La seule condition requise est d'accepter de jouer le jeu de la philosophie, ce qui s'avère parfois plus difficile qu'il n'y parait.
Dans le théâtre grecque, l'ironie tragique est une scène où un personnage n'a pas conscience de la situation dans laquelle il est. Victime de son ignorance, ses paroles se retournent contre lui, ou contre ce qu'il défend.
Cette scène ne nous est pas étrangère. L'esprit humain a tendance à être focalisé sur ses propres idées, ses propres récits, ne voyant pas toujours qu'il est déconnecté de ce qui se passe ou de ce qui se dit. Ce phénomène est à l'origine de nombreux conflits internes, lorsque nous sommes submergés par nos idées et que nous sommes incapables de nous en extirper. Ces conflits deviennent externes, lorsque les individus ne se comprennent plus et restent dogmatiquement dans leurs récits respectifs. C'est que l'on nomme, généralement, un dialogue de sourds, qui est l'expression collective de l'ironie tragique.
La première étape de la pratique philosophique est donc de prendre conscience de cet état que nous partageons tous : l'ignorance de notre ignorance, sans quoi, le dialogue se transforme en un débat passionnel d'opinions.

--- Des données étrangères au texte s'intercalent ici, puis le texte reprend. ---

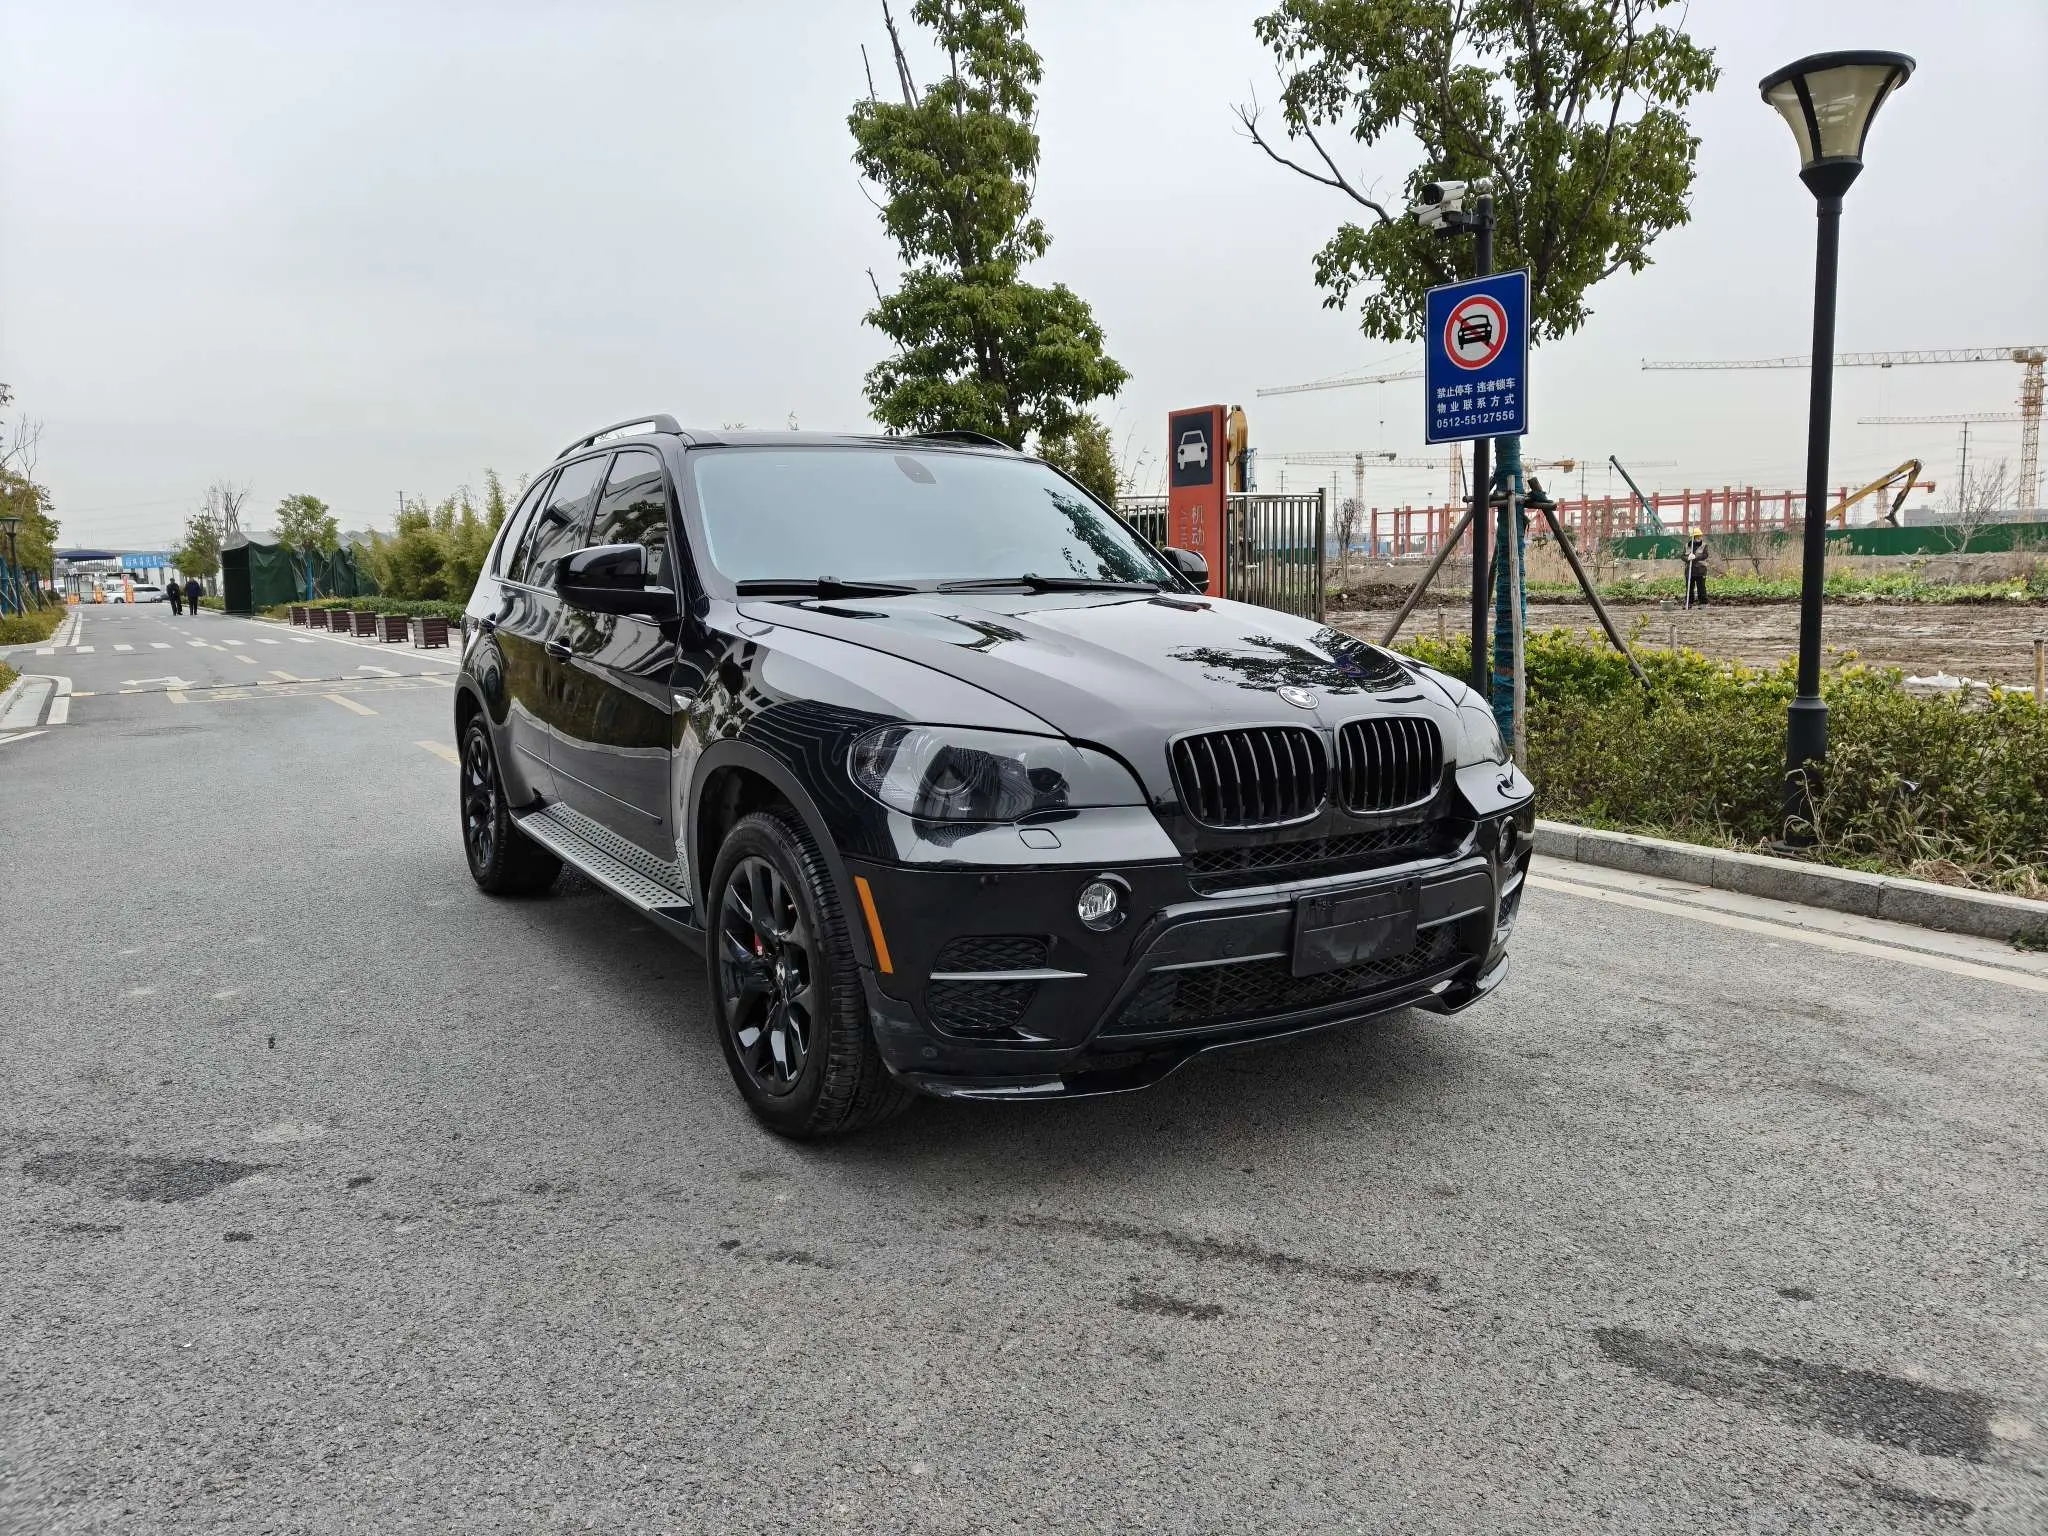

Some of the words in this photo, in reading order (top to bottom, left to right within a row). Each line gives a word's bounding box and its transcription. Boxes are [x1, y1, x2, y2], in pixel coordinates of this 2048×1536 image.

[1436, 384, 1473, 399] 禁止停车
[1477, 377, 1516, 393] 违者锁车
[1437, 393, 1515, 414] 物业联系方式
[1436, 410, 1515, 428] 0512-55127556
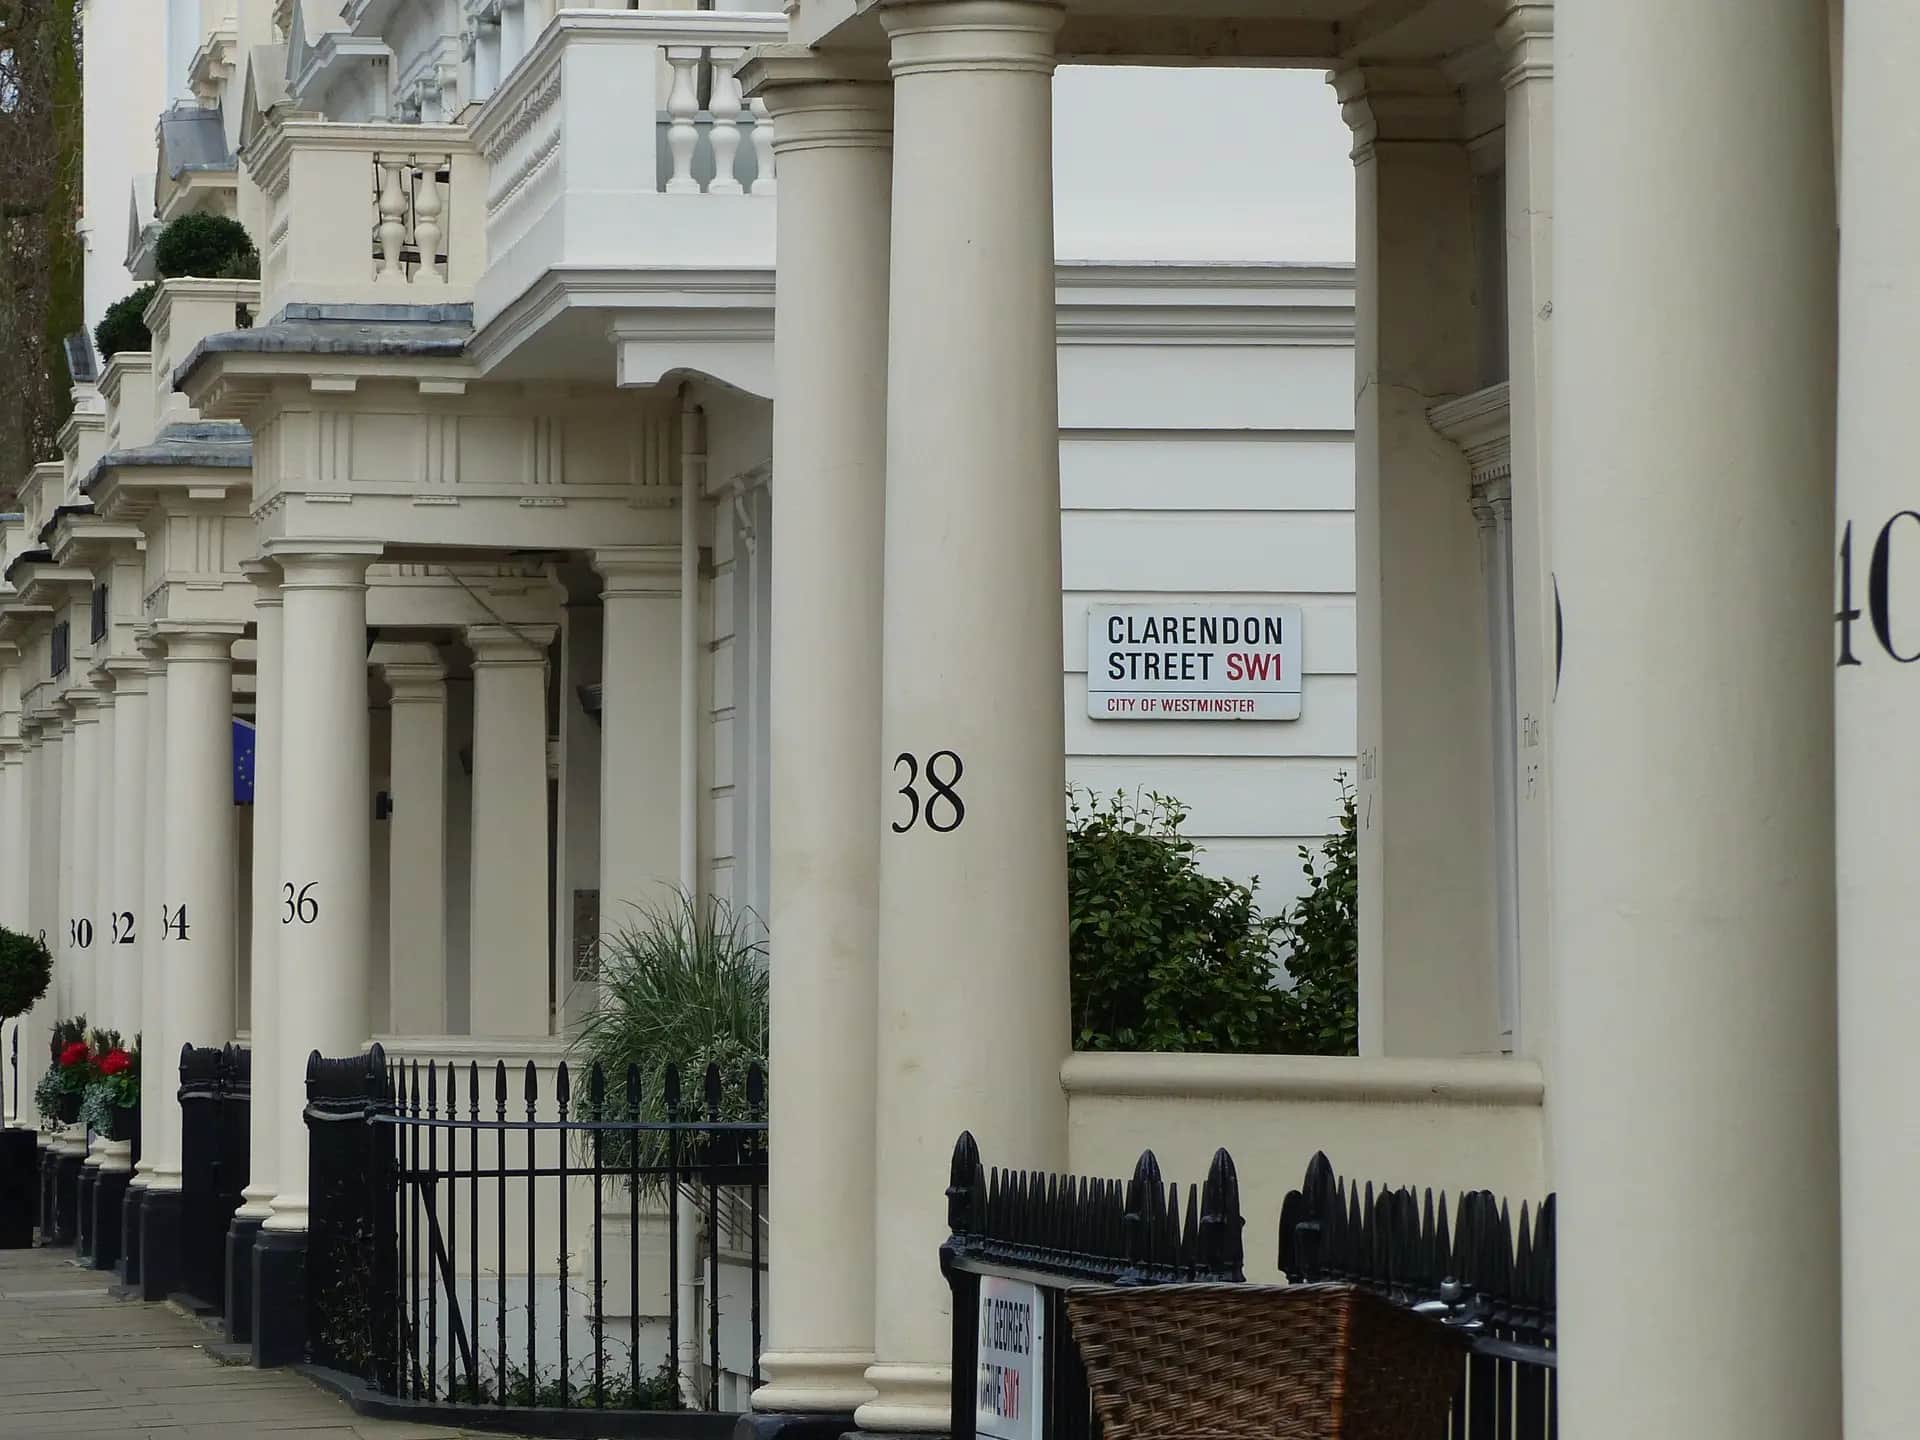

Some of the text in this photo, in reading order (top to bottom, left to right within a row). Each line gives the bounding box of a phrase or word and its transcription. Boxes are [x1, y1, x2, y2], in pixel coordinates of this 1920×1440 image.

[1107, 615, 1283, 645] CLARENDON
[1107, 651, 1282, 681] STREET SW1
[1107, 698, 1255, 713] CITY OF WESTMINSTER
[891, 750, 965, 833] 38
[282, 881, 319, 924] 36
[994, 1300, 1031, 1356] GEORGE'S
[980, 1362, 1020, 1420] DRIVE SW1

Une fois le dévoilement de notre être réalisé, il s'agit de l'y maintenir, en acquérant une forme d'autonomie, de capacité à s'auto-questionner.
Savoir philosopher, c'est savoir "se penser", penser sa pensée, en dehors de soi. Mais contrairement, à ce que nous croyons, ce n'est pas si simple que cela. Problématiser, nuancer, donner de la perspective est un art difficile. S'extirper de ses idées, explorer des visions alternatives, est un acte périlleux, que l'esprit a tendance à rejeter, par mécanisme d'autoprotection.
L'art du questionnement est donc un art fragile, qu'il faut apprivoiser et entretenir, pour ne pas chuter de nouveaux dans les agitations émotionnelles de l'esprit.
La seconde étape de la pratique philosophique est donc de vous rendre autonome dans l'art de questionner. Cet art est utile pour le développement personnel, mais également pour tout développement collectif.
La philosophie revêt, depuis longtemps, une image très disciplinaire, réservée à une certaine élite intellectuelle, qui se limiterait à la connaissance des auteurs et des courants de pensée à travers l'histoire.
Une telle vision réduit, cependant, l'acte du philosopher, qui s'étend bien au delà d'un savoir normalisé, à travers l'activité de penser, qui nait dans tout étonnement, tout questionnement, dont est capable chacun d'entre nous, dès le plus jeune âge.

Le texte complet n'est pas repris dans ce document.